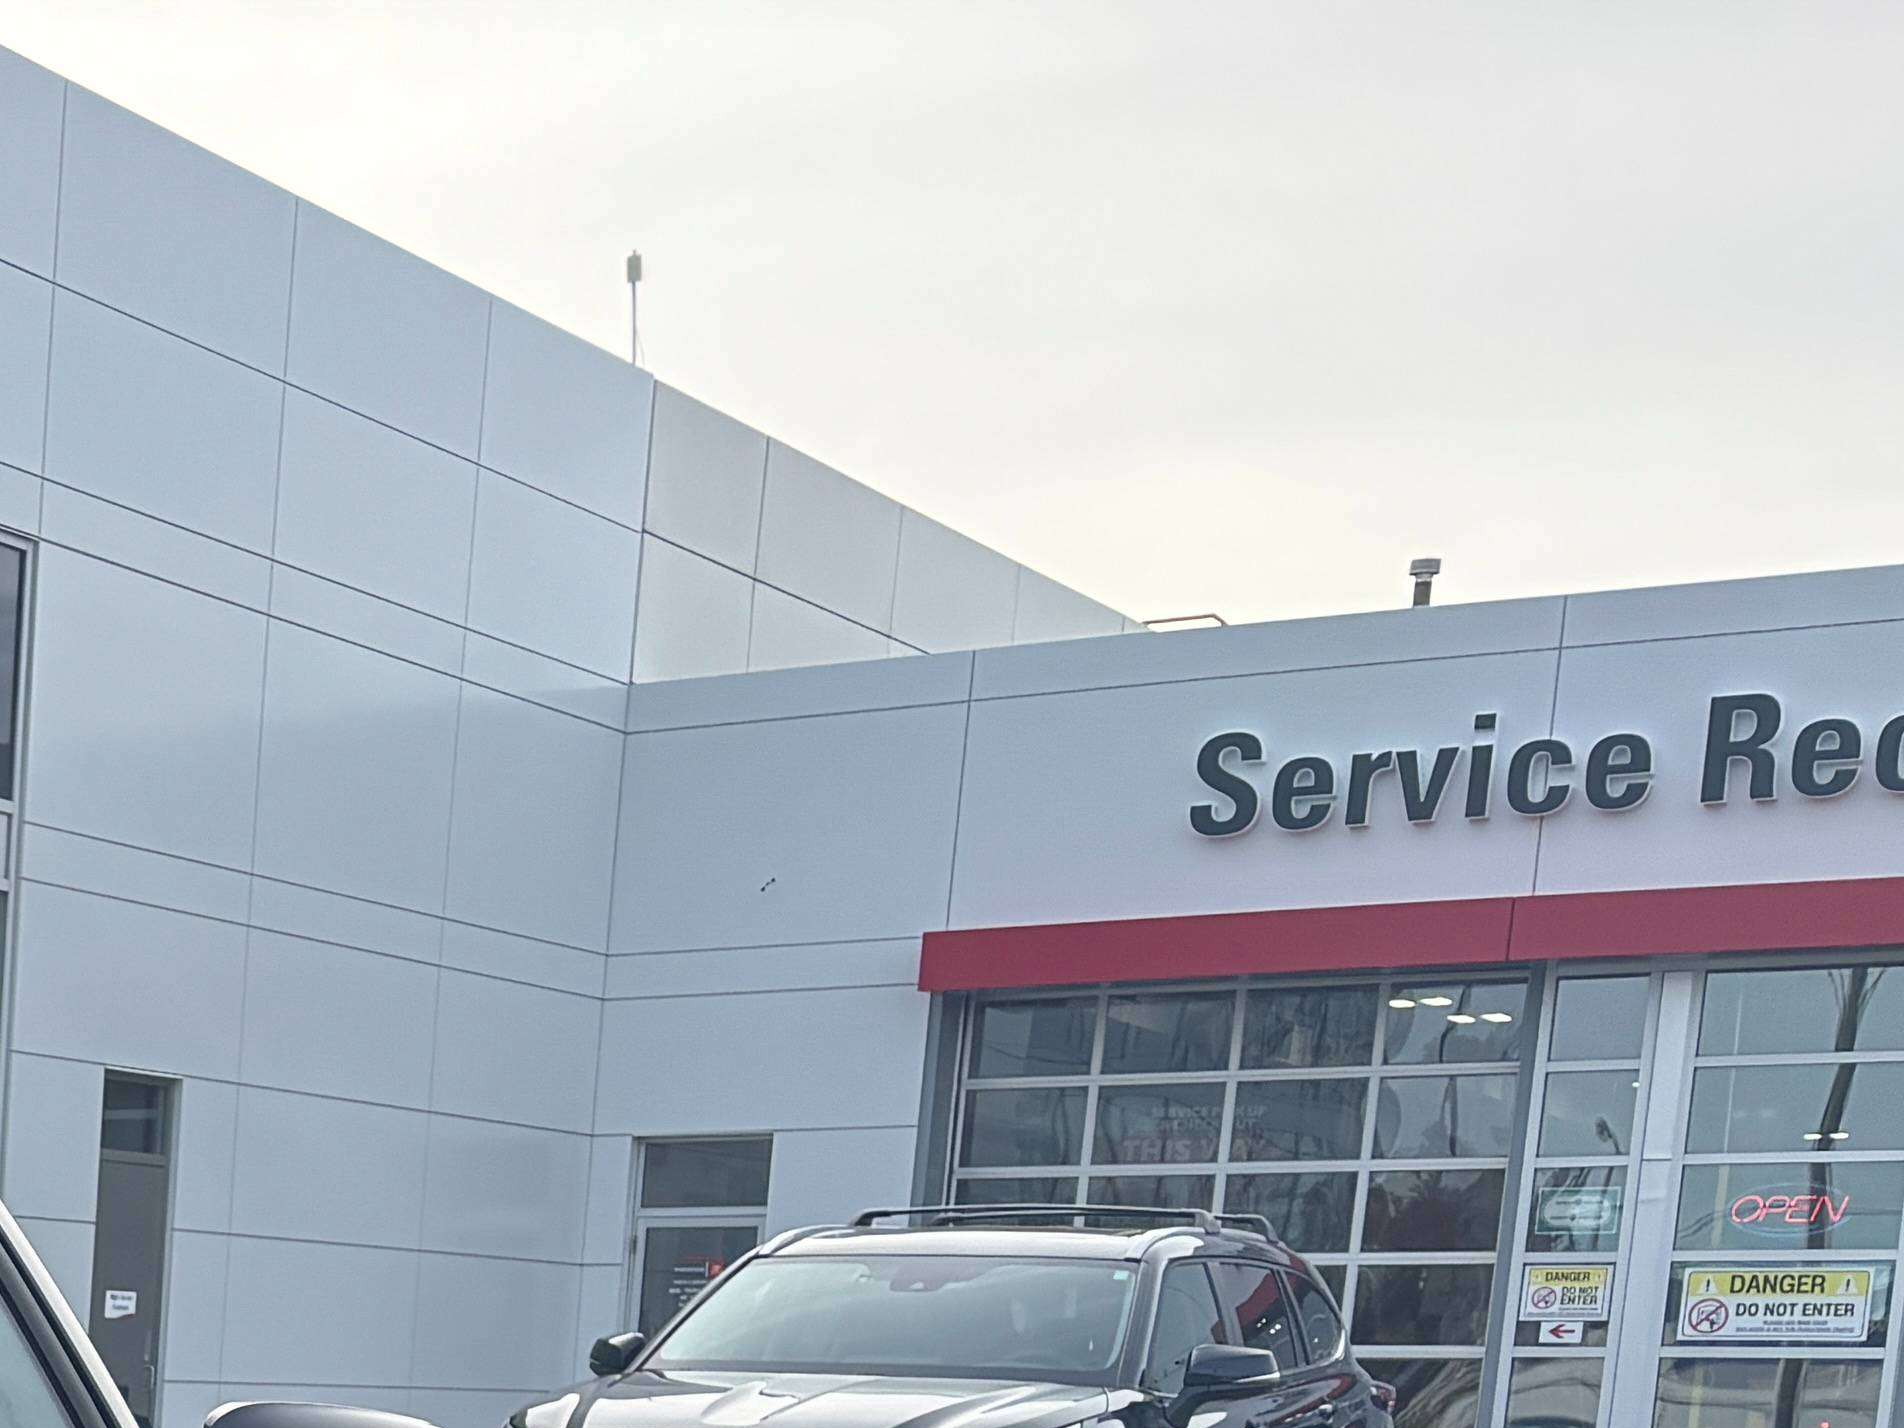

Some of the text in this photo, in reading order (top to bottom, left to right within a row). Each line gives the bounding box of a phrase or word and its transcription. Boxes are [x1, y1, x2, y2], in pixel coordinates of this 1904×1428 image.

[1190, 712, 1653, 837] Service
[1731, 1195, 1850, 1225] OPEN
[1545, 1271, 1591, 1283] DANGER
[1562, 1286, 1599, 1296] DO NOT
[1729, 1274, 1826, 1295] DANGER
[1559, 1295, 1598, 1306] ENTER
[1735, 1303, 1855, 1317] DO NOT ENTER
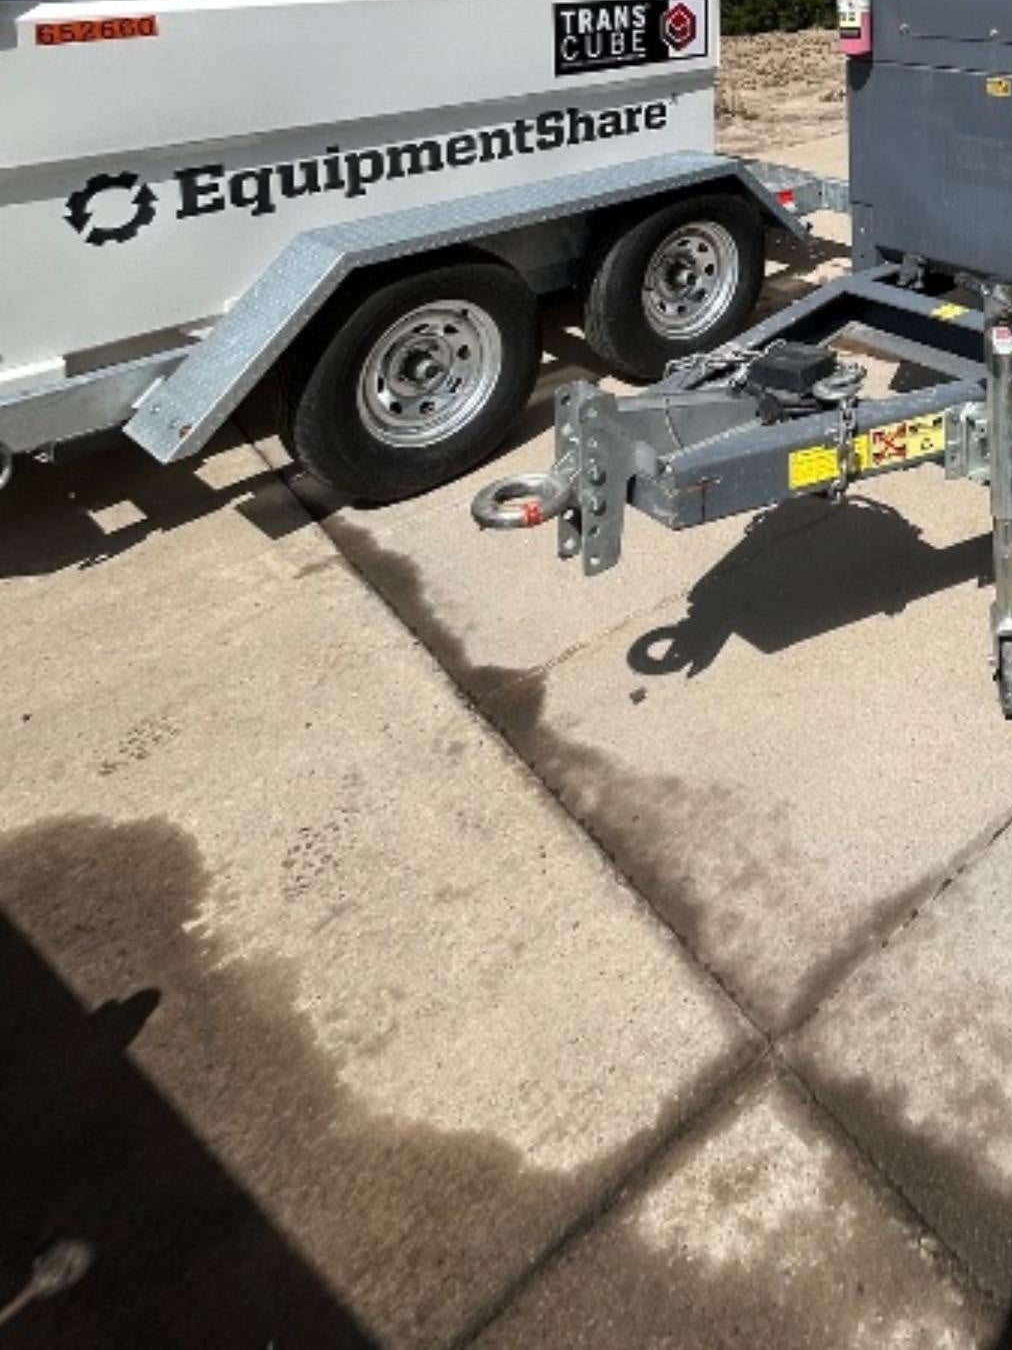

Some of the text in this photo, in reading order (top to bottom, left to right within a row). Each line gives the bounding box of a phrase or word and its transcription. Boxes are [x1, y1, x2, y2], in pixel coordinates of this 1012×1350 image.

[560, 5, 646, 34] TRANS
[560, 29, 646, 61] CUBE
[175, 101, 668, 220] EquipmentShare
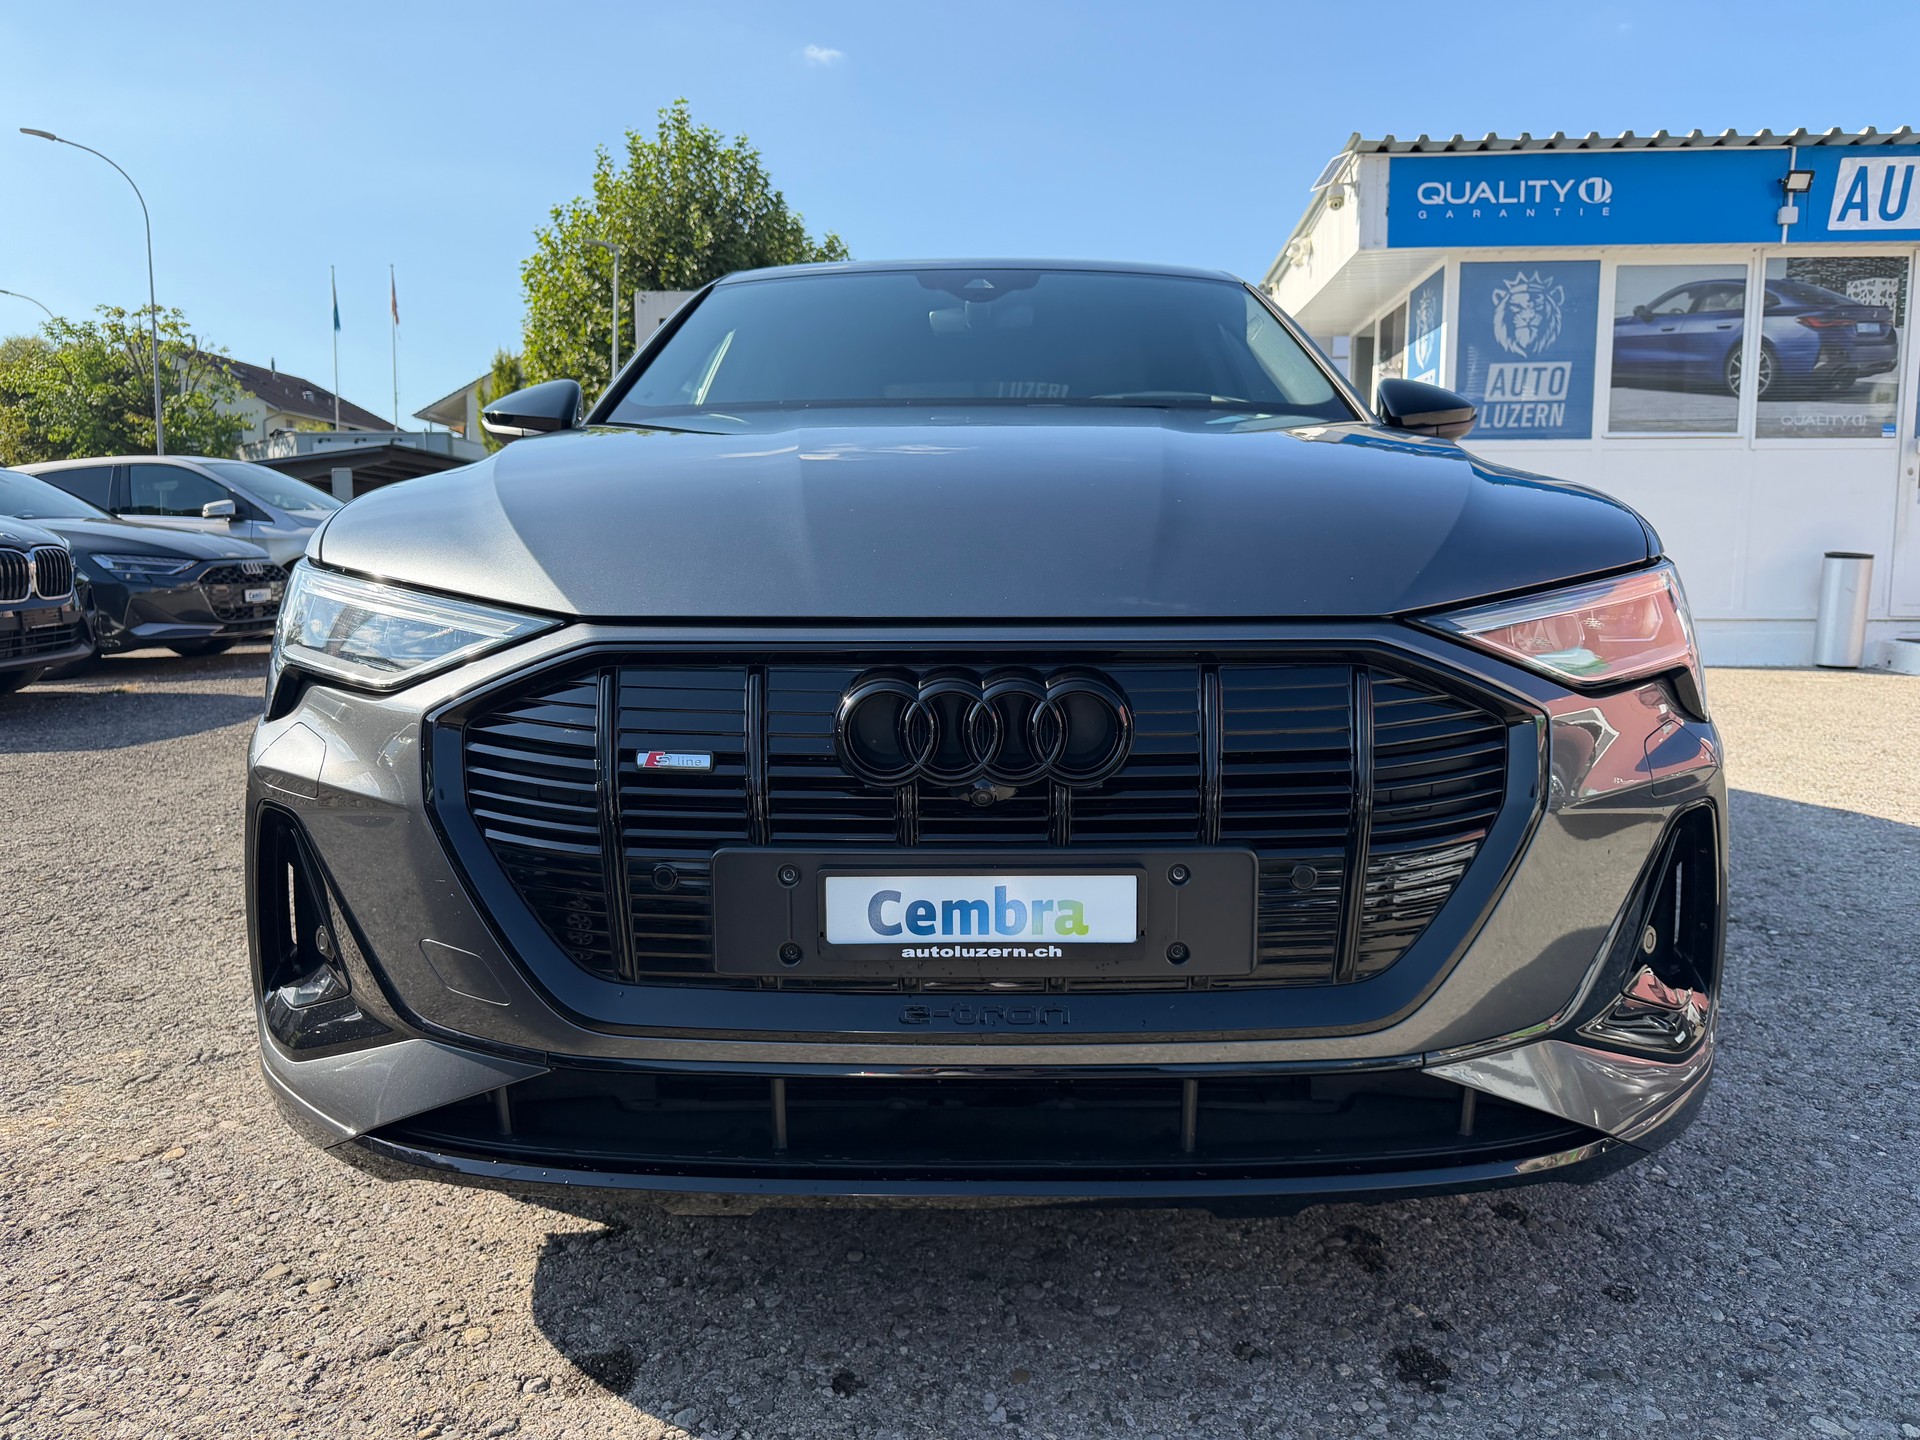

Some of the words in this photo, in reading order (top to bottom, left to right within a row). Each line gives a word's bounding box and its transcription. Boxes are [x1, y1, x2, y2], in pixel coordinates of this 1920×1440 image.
--
* _Problem details_: The reply must hold each line of the records verbatim and no pictures.

* _Solution to the exercise_:
Some of the text in this photo, in reading order (top to bottom, left to right within a row). Each line gives the bounding box of a phrase or word and its transcription. Boxes are [x1, y1, x2, y2], in pixel coordinates of this 1904×1428 image.

[1190, 712, 1653, 837] Service
[1731, 1195, 1850, 1225] OPEN
[1545, 1271, 1591, 1283] DANGER
[1562, 1286, 1599, 1296] DO NOT
[1729, 1274, 1826, 1295] DANGER
[1559, 1295, 1598, 1306] ENTER
[1735, 1303, 1855, 1317] DO NOT ENTER

Some of the text in this photo, in reading order (top to bottom, left to right within a row). Each line gives the bounding box of a phrase or word and its transcription. Boxes are [x1, y1, x2, y2], in pixel coordinates of this 1012×1350 image.

[560, 5, 646, 34] TRANS
[560, 29, 646, 61] CUBE
[175, 101, 668, 220] EquipmentShare

Some of the words in this photo, in reading order (top to bottom, left to right within a row). Each line gives a word's bounding box and its transcription. Boxes are [x1, y1, x2, y2], in pixel coordinates of this 1920×1440 image.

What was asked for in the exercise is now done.